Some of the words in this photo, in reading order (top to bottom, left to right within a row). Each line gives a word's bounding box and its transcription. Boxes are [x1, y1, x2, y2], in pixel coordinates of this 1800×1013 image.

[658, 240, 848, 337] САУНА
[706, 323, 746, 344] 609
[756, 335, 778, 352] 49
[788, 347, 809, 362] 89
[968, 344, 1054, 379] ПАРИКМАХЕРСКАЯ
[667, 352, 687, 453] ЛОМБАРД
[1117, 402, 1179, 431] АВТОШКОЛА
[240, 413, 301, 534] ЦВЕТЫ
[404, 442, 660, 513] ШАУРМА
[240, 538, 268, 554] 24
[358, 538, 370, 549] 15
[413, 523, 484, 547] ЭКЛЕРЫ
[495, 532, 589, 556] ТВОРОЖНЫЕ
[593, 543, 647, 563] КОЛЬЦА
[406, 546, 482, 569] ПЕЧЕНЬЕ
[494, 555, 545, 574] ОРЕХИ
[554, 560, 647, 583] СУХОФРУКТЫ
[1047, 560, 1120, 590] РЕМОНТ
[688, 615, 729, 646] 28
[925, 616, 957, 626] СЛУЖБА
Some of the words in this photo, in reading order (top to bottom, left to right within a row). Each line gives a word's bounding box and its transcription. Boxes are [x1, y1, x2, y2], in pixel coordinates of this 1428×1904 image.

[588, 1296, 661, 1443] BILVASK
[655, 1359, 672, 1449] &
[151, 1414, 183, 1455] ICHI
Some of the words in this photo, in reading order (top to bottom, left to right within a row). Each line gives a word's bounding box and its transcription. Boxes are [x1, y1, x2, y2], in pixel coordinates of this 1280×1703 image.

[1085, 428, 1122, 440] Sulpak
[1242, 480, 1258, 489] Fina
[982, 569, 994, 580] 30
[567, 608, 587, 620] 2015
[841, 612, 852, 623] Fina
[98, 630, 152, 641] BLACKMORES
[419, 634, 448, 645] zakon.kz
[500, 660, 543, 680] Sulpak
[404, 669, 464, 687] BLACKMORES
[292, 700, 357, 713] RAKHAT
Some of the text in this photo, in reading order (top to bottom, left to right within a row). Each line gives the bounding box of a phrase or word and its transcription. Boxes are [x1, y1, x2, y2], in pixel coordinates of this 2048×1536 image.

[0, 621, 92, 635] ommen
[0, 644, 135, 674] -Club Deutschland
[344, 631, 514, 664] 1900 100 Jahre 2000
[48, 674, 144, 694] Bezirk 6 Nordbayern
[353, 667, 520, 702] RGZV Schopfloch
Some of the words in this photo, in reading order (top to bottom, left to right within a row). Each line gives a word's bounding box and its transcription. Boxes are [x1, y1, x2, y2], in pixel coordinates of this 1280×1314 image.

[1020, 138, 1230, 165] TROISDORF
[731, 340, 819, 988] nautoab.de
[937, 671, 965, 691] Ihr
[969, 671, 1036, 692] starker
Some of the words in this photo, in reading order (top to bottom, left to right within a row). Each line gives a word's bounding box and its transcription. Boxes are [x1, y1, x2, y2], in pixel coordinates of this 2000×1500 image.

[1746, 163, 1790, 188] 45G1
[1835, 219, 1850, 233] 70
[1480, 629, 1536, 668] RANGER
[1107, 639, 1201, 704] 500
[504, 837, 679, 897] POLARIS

● **Instructions for the task**
Give all the records above again, wording unchanged.

● **Solution**
Some of the words in this photo, in reading order (top to bottom, left to right within a row). Each line gives a word's bounding box and its transcription. Boxes are [x1, y1, x2, y2], in pixel coordinates of this 1800×1013 image.

[658, 240, 848, 337] САУНА
[706, 323, 746, 344] 609
[756, 335, 778, 352] 49
[788, 347, 809, 362] 89
[968, 344, 1054, 379] ПАРИКМАХЕРСКАЯ
[667, 352, 687, 453] ЛОМБАРД
[1117, 402, 1179, 431] АВТОШКОЛА
[240, 413, 301, 534] ЦВЕТЫ
[404, 442, 660, 513] ШАУРМА
[240, 538, 268, 554] 24
[358, 538, 370, 549] 15
[413, 523, 484, 547] ЭКЛЕРЫ
[495, 532, 589, 556] ТВОРОЖНЫЕ
[593, 543, 647, 563] КОЛЬЦА
[406, 546, 482, 569] ПЕЧЕНЬЕ
[494, 555, 545, 574] ОРЕХИ
[554, 560, 647, 583] СУХОФРУКТЫ
[1047, 560, 1120, 590] РЕМОНТ
[688, 615, 729, 646] 28
[925, 616, 957, 626] СЛУЖБА
Some of the words in this photo, in reading order (top to bottom, left to right within a row). Each line gives a word's bounding box and its transcription. Boxes are [x1, y1, x2, y2], in pixel coordinates of this 1428×1904 image.

[588, 1296, 661, 1443] BILVASK
[655, 1359, 672, 1449] &
[151, 1414, 183, 1455] ICHI
Some of the words in this photo, in reading order (top to bottom, left to right within a row). Each line gives a word's bounding box and its transcription. Boxes are [x1, y1, x2, y2], in pixel coordinates of this 1280×1703 image.

[1085, 428, 1122, 440] Sulpak
[1242, 480, 1258, 489] Fina
[982, 569, 994, 580] 30
[567, 608, 587, 620] 2015
[841, 612, 852, 623] Fina
[98, 630, 152, 641] BLACKMORES
[419, 634, 448, 645] zakon.kz
[500, 660, 543, 680] Sulpak
[404, 669, 464, 687] BLACKMORES
[292, 700, 357, 713] RAKHAT
Some of the text in this photo, in reading order (top to bottom, left to right within a row). Each line gives the bounding box of a phrase or word and its transcription. Boxes are [x1, y1, x2, y2], in pixel coordinates of this 2048×1536 image.

[0, 621, 92, 635] ommen
[0, 644, 135, 674] -Club Deutschland
[344, 631, 514, 664] 1900 100 Jahre 2000
[48, 674, 144, 694] Bezirk 6 Nordbayern
[353, 667, 520, 702] RGZV Schopfloch
Some of the words in this photo, in reading order (top to bottom, left to right within a row). Each line gives a word's bounding box and its transcription. Boxes are [x1, y1, x2, y2], in pixel coordinates of this 1280×1314 image.

[1020, 138, 1230, 165] TROISDORF
[731, 340, 819, 988] nautoab.de
[937, 671, 965, 691] Ihr
[969, 671, 1036, 692] starker
Some of the words in this photo, in reading order (top to bottom, left to right within a row). Each line gives a word's bounding box and its transcription. Boxes are [x1, y1, x2, y2], in pixel coordinates of this 2000×1500 image.

[1746, 163, 1790, 188] 45G1
[1835, 219, 1850, 233] 70
[1480, 629, 1536, 668] RANGER
[1107, 639, 1201, 704] 500
[504, 837, 679, 897] POLARIS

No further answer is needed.